(Exercise prompt): Give back every entry below, unchanged.

━━━━━━━━━━━━━━━━━━━━━━━━━━━━━━

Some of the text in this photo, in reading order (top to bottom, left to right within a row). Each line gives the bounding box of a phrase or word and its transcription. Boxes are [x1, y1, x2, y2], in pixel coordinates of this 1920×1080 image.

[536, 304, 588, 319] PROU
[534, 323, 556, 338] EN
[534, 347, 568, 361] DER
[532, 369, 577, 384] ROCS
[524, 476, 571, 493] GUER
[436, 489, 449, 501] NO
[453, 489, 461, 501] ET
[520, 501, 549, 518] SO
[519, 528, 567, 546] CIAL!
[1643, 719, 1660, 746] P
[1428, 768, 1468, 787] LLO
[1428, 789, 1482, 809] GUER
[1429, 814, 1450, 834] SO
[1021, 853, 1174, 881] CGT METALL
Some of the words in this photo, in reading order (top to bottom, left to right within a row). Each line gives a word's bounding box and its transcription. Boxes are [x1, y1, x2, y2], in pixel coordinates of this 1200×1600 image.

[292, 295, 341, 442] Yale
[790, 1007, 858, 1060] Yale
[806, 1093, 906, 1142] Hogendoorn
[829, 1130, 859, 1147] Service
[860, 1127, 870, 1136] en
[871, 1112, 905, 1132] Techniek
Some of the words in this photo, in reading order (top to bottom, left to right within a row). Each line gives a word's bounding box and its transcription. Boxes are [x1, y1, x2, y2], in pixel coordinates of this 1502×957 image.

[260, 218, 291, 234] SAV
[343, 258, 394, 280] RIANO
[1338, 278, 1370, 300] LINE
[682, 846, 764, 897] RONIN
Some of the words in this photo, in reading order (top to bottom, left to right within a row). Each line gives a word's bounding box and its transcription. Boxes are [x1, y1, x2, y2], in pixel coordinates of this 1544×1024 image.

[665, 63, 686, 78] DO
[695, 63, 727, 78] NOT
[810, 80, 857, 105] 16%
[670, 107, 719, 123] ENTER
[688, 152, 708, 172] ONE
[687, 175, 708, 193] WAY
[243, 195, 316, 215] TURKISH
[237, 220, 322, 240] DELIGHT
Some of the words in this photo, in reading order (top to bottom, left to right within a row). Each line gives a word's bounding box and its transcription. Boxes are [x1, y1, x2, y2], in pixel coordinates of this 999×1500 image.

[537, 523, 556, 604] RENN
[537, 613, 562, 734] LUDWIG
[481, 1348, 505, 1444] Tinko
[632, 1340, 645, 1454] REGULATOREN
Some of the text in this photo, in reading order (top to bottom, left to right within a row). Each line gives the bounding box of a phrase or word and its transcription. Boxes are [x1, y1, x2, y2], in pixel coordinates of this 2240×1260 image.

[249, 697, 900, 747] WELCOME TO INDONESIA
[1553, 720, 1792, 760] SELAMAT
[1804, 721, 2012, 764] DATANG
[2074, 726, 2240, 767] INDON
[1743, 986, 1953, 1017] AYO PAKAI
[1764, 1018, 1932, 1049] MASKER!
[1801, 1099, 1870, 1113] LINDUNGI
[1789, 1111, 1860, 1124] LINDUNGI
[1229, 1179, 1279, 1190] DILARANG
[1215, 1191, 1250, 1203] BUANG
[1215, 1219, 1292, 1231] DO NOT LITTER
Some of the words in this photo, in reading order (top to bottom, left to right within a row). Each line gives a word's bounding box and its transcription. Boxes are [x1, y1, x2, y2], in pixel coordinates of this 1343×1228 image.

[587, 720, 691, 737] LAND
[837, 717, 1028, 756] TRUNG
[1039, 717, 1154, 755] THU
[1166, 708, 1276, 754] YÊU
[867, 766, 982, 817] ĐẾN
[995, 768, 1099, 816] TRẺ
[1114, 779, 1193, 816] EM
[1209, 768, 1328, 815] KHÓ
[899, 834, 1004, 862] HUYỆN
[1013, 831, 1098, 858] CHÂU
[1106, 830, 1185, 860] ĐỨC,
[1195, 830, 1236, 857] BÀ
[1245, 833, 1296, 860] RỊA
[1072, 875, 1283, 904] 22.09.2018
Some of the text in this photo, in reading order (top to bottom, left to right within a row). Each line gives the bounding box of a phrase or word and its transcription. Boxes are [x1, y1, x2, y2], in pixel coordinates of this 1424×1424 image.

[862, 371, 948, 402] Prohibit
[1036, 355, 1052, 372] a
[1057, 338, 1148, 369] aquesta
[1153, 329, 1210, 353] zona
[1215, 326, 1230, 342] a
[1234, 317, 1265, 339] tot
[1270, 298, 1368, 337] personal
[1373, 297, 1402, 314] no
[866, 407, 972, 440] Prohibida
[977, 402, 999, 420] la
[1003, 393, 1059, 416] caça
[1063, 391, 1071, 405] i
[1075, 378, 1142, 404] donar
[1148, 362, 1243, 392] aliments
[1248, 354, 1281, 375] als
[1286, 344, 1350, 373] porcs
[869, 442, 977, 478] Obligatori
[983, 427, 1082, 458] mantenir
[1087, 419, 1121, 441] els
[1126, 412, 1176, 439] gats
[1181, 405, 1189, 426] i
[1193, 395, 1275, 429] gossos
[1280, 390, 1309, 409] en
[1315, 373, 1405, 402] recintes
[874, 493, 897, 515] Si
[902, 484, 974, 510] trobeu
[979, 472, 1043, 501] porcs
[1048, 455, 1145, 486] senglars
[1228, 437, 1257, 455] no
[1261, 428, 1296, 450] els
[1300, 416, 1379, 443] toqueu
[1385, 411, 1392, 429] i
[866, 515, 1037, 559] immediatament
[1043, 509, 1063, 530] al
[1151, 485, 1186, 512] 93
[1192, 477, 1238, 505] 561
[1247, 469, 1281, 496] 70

━━━━━━━━━━━━━━━━━━━━━━━━━━━━━━

(Reply to the task):
Some of the text in this photo, in reading order (top to bottom, left to right within a row). Each line gives the bounding box of a phrase or word and its transcription. Boxes are [x1, y1, x2, y2], in pixel coordinates of this 1920×1080 image.

[536, 304, 588, 319] PROU
[534, 323, 556, 338] EN
[534, 347, 568, 361] DER
[532, 369, 577, 384] ROCS
[524, 476, 571, 493] GUER
[436, 489, 449, 501] NO
[453, 489, 461, 501] ET
[520, 501, 549, 518] SO
[519, 528, 567, 546] CIAL!
[1643, 719, 1660, 746] P
[1428, 768, 1468, 787] LLO
[1428, 789, 1482, 809] GUER
[1429, 814, 1450, 834] SO
[1021, 853, 1174, 881] CGT METALL
Some of the words in this photo, in reading order (top to bottom, left to right within a row). Each line gives a word's bounding box and its transcription. Boxes are [x1, y1, x2, y2], in pixel coordinates of this 1200×1600 image.

[292, 295, 341, 442] Yale
[790, 1007, 858, 1060] Yale
[806, 1093, 906, 1142] Hogendoorn
[829, 1130, 859, 1147] Service
[860, 1127, 870, 1136] en
[871, 1112, 905, 1132] Techniek
Some of the words in this photo, in reading order (top to bottom, left to right within a row). Each line gives a word's bounding box and its transcription. Boxes are [x1, y1, x2, y2], in pixel coordinates of this 1502×957 image.

[260, 218, 291, 234] SAV
[343, 258, 394, 280] RIANO
[1338, 278, 1370, 300] LINE
[682, 846, 764, 897] RONIN
Some of the words in this photo, in reading order (top to bottom, left to right within a row). Each line gives a word's bounding box and its transcription. Boxes are [x1, y1, x2, y2], in pixel coordinates of this 1544×1024 image.

[665, 63, 686, 78] DO
[695, 63, 727, 78] NOT
[810, 80, 857, 105] 16%
[670, 107, 719, 123] ENTER
[688, 152, 708, 172] ONE
[687, 175, 708, 193] WAY
[243, 195, 316, 215] TURKISH
[237, 220, 322, 240] DELIGHT
Some of the words in this photo, in reading order (top to bottom, left to right within a row). Each line gives a word's bounding box and its transcription. Boxes are [x1, y1, x2, y2], in pixel coordinates of this 999×1500 image.

[537, 523, 556, 604] RENN
[537, 613, 562, 734] LUDWIG
[481, 1348, 505, 1444] Tinko
[632, 1340, 645, 1454] REGULATOREN
Some of the text in this photo, in reading order (top to bottom, left to right within a row). Each line gives the bounding box of a phrase or word and its transcription. Boxes are [x1, y1, x2, y2], in pixel coordinates of this 2240×1260 image.

[249, 697, 900, 747] WELCOME TO INDONESIA
[1553, 720, 1792, 760] SELAMAT
[1804, 721, 2012, 764] DATANG
[2074, 726, 2240, 767] INDON
[1743, 986, 1953, 1017] AYO PAKAI
[1764, 1018, 1932, 1049] MASKER!
[1801, 1099, 1870, 1113] LINDUNGI
[1789, 1111, 1860, 1124] LINDUNGI
[1229, 1179, 1279, 1190] DILARANG
[1215, 1191, 1250, 1203] BUANG
[1215, 1219, 1292, 1231] DO NOT LITTER
Some of the words in this photo, in reading order (top to bottom, left to right within a row). Each line gives a word's bounding box and its transcription. Boxes are [x1, y1, x2, y2], in pixel coordinates of this 1343×1228 image.

[587, 720, 691, 737] LAND
[837, 717, 1028, 756] TRUNG
[1039, 717, 1154, 755] THU
[1166, 708, 1276, 754] YÊU
[867, 766, 982, 817] ĐẾN
[995, 768, 1099, 816] TRẺ
[1114, 779, 1193, 816] EM
[1209, 768, 1328, 815] KHÓ
[899, 834, 1004, 862] HUYỆN
[1013, 831, 1098, 858] CHÂU
[1106, 830, 1185, 860] ĐỨC,
[1195, 830, 1236, 857] BÀ
[1245, 833, 1296, 860] RỊA
[1072, 875, 1283, 904] 22.09.2018
Some of the text in this photo, in reading order (top to bottom, left to right within a row). Each line gives the bounding box of a phrase or word and its transcription. Boxes are [x1, y1, x2, y2], in pixel coordinates of this 1424×1424 image.

[862, 371, 948, 402] Prohibit
[1036, 355, 1052, 372] a
[1057, 338, 1148, 369] aquesta
[1153, 329, 1210, 353] zona
[1215, 326, 1230, 342] a
[1234, 317, 1265, 339] tot
[1270, 298, 1368, 337] personal
[1373, 297, 1402, 314] no
[866, 407, 972, 440] Prohibida
[977, 402, 999, 420] la
[1003, 393, 1059, 416] caça
[1063, 391, 1071, 405] i
[1075, 378, 1142, 404] donar
[1148, 362, 1243, 392] aliments
[1248, 354, 1281, 375] als
[1286, 344, 1350, 373] porcs
[869, 442, 977, 478] Obligatori
[983, 427, 1082, 458] mantenir
[1087, 419, 1121, 441] els
[1126, 412, 1176, 439] gats
[1181, 405, 1189, 426] i
[1193, 395, 1275, 429] gossos
[1280, 390, 1309, 409] en
[1315, 373, 1405, 402] recintes
[874, 493, 897, 515] Si
[902, 484, 974, 510] trobeu
[979, 472, 1043, 501] porcs
[1048, 455, 1145, 486] senglars
[1228, 437, 1257, 455] no
[1261, 428, 1296, 450] els
[1300, 416, 1379, 443] toqueu
[1385, 411, 1392, 429] i
[866, 515, 1037, 559] immediatament
[1043, 509, 1063, 530] al
[1151, 485, 1186, 512] 93
[1192, 477, 1238, 505] 561
[1247, 469, 1281, 496] 70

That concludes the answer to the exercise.